**Work request:**
Could you retype all of the records exactly, leaving out every picture?

[Source data]
▼▼▼

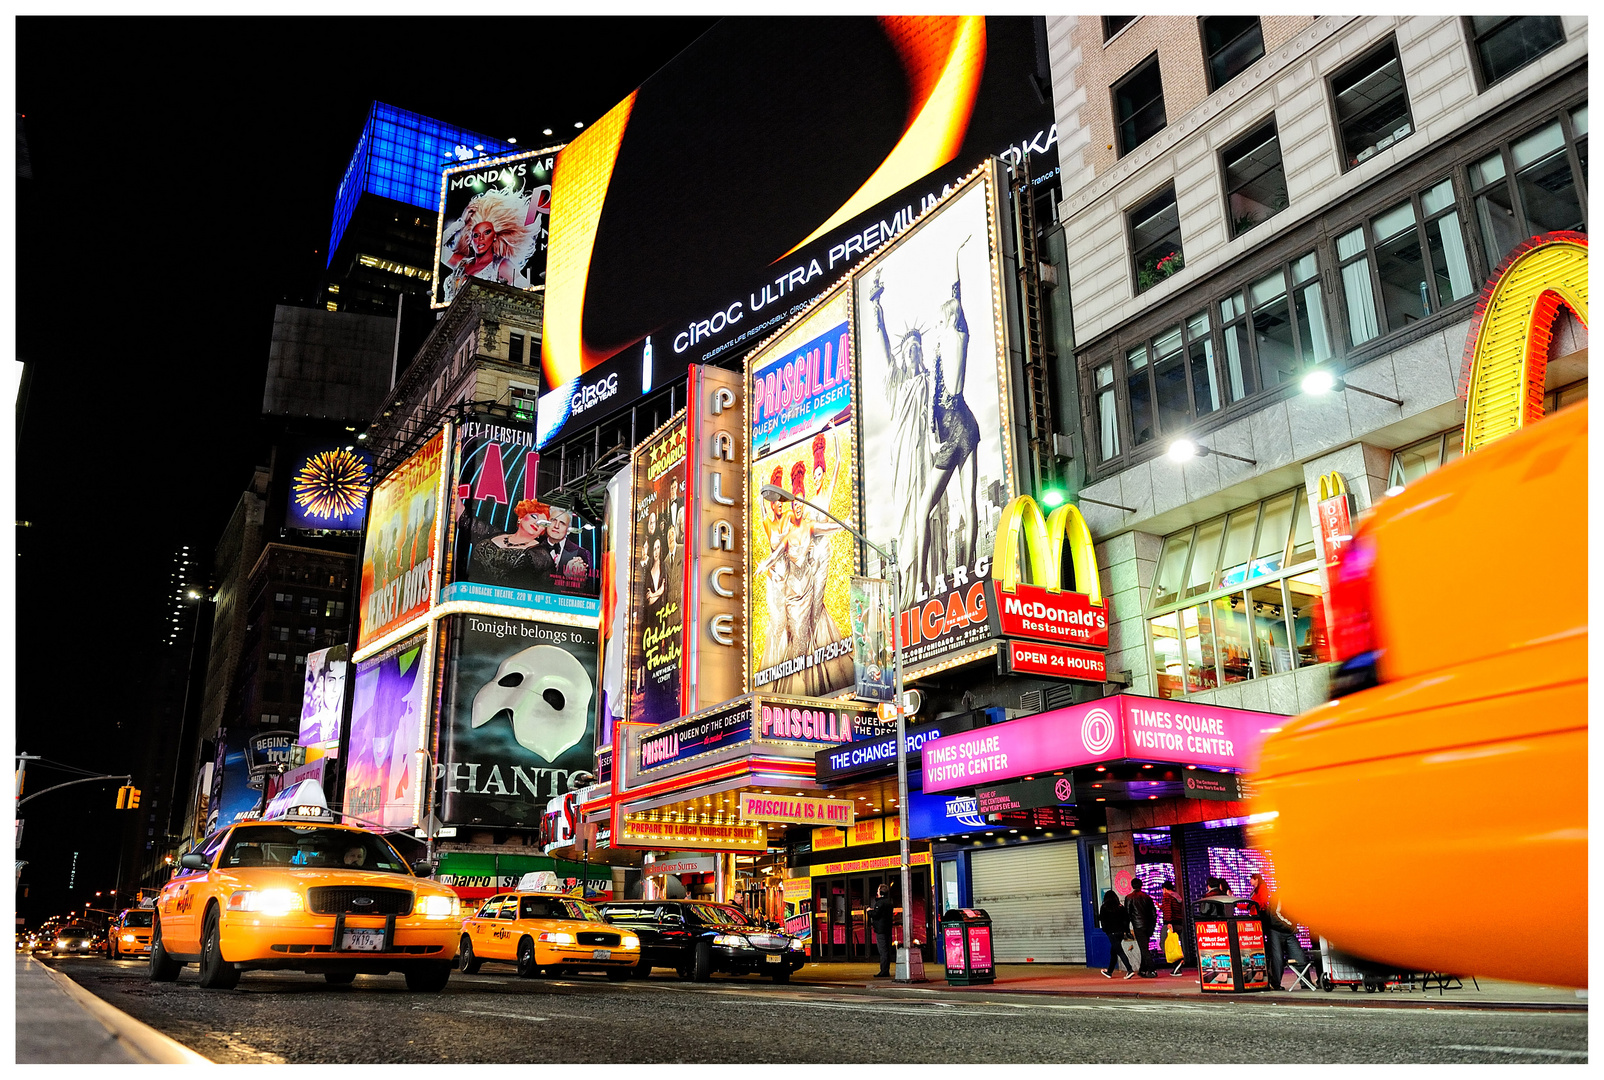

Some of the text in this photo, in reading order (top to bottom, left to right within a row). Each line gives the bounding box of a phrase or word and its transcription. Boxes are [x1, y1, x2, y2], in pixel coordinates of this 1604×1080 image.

[450, 164, 527, 191] MONDAYS
[751, 258, 823, 312] ULTRA
[702, 340, 734, 361] CELEBRATE
[734, 333, 746, 345] LIFE
[753, 333, 850, 424] PRISCILLA
[572, 406, 585, 416] THE
[584, 397, 599, 411] NEW
[753, 383, 849, 438] QUEEN OF THE DESERT
[484, 423, 533, 447] FIERSTEIN
[637, 491, 657, 511] NATHAN
[637, 505, 649, 522] LANE
[710, 386, 737, 646] PALACE
[364, 557, 432, 636] JERSEY BOYS
[469, 585, 493, 597] LONGACRE
[656, 602, 678, 624] The
[1005, 598, 1106, 629] McDonald's
[469, 618, 518, 638] Tonight
[520, 623, 567, 644] belongs
[1022, 619, 1090, 638] Restaurant
[754, 655, 806, 688] TICKETMASTER.COM
[1016, 651, 1104, 672] OPEN 24 HOURS
[762, 705, 885, 743] PRISCILLA QUEEN
[854, 726, 872, 736] THE
[1131, 708, 1224, 736] TIMES SQUARE
[257, 737, 289, 751] BEGINS
[642, 709, 750, 767] PRISCILLA QUEEN OF THE DESERT
[927, 735, 1000, 765] TIMES SQUARE
[1132, 730, 1235, 757] VISITOR CENTER
[830, 752, 850, 770] THE
[852, 740, 896, 764] CHANGE
[927, 753, 1008, 783] VISITOR CENTER
[804, 803, 814, 818] IS
[817, 804, 824, 819] A
[946, 800, 976, 815] MONEY
[664, 825, 673, 834] TO
[675, 825, 697, 836] LAUGH
[699, 827, 732, 837] YOURSELF
[661, 863, 676, 872] GUEST
[678, 861, 697, 871] SUITES
[351, 934, 370, 946] 9K19
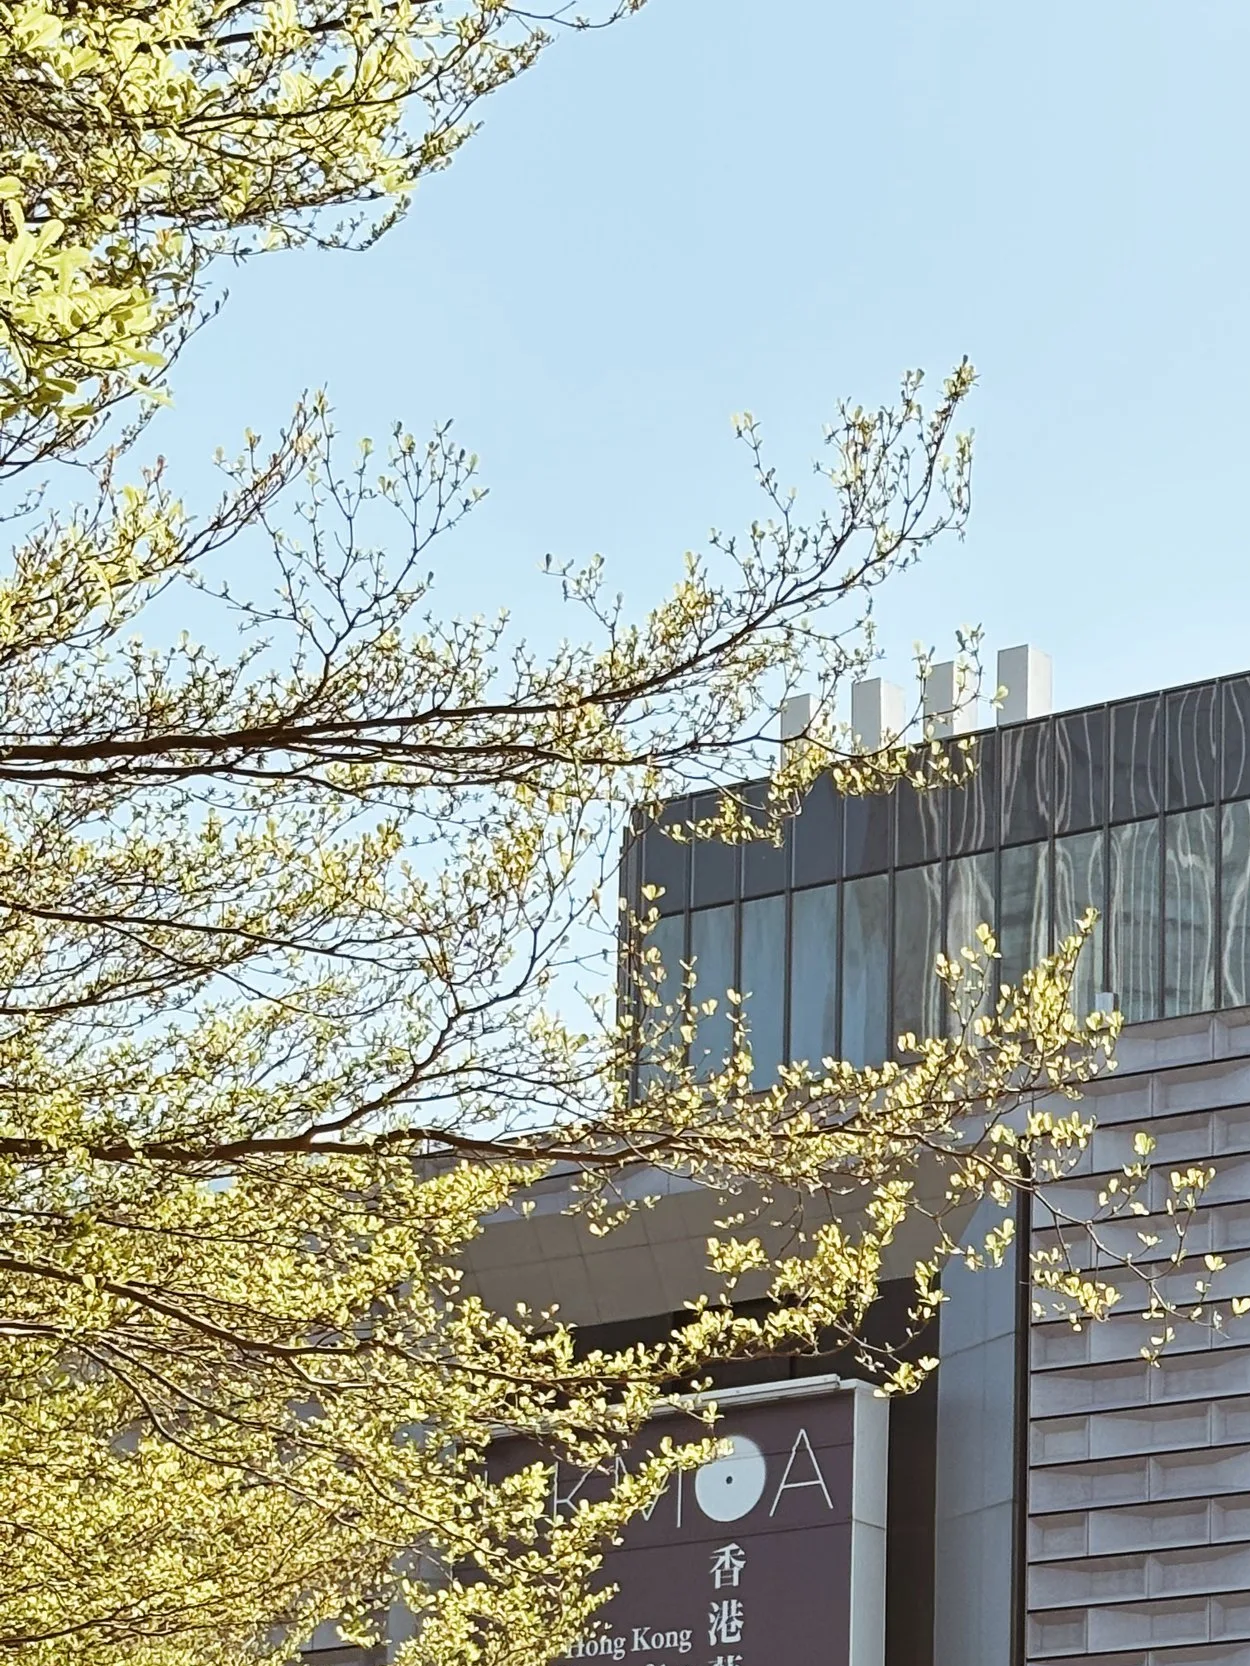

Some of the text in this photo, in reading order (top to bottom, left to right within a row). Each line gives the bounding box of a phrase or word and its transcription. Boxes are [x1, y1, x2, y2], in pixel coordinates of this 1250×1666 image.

[483, 1428, 834, 1532] KMOA
[564, 1626, 693, 1661] Hong Kong

▲▲▲

**Written reply:**
Some of the text in this photo, in reading order (top to bottom, left to right within a row). Each line gives the bounding box of a phrase or word and its transcription. Boxes are [x1, y1, x2, y2], in pixel coordinates of this 1604×1080 image.

[450, 164, 527, 191] MONDAYS
[751, 258, 823, 312] ULTRA
[702, 340, 734, 361] CELEBRATE
[734, 333, 746, 345] LIFE
[753, 333, 850, 424] PRISCILLA
[572, 406, 585, 416] THE
[584, 397, 599, 411] NEW
[753, 383, 849, 438] QUEEN OF THE DESERT
[484, 423, 533, 447] FIERSTEIN
[637, 491, 657, 511] NATHAN
[637, 505, 649, 522] LANE
[710, 386, 737, 646] PALACE
[364, 557, 432, 636] JERSEY BOYS
[469, 585, 493, 597] LONGACRE
[656, 602, 678, 624] The
[1005, 598, 1106, 629] McDonald's
[469, 618, 518, 638] Tonight
[520, 623, 567, 644] belongs
[1022, 619, 1090, 638] Restaurant
[754, 655, 806, 688] TICKETMASTER.COM
[1016, 651, 1104, 672] OPEN 24 HOURS
[762, 705, 885, 743] PRISCILLA QUEEN
[854, 726, 872, 736] THE
[1131, 708, 1224, 736] TIMES SQUARE
[257, 737, 289, 751] BEGINS
[642, 709, 750, 767] PRISCILLA QUEEN OF THE DESERT
[927, 735, 1000, 765] TIMES SQUARE
[1132, 730, 1235, 757] VISITOR CENTER
[830, 752, 850, 770] THE
[852, 740, 896, 764] CHANGE
[927, 753, 1008, 783] VISITOR CENTER
[804, 803, 814, 818] IS
[817, 804, 824, 819] A
[946, 800, 976, 815] MONEY
[664, 825, 673, 834] TO
[675, 825, 697, 836] LAUGH
[699, 827, 732, 837] YOURSELF
[661, 863, 676, 872] GUEST
[678, 861, 697, 871] SUITES
[351, 934, 370, 946] 9K19

Some of the text in this photo, in reading order (top to bottom, left to right within a row). Each line gives the bounding box of a phrase or word and its transcription. Boxes are [x1, y1, x2, y2], in pixel coordinates of this 1250×1666 image.

[483, 1428, 834, 1532] KMOA
[564, 1626, 693, 1661] Hong Kong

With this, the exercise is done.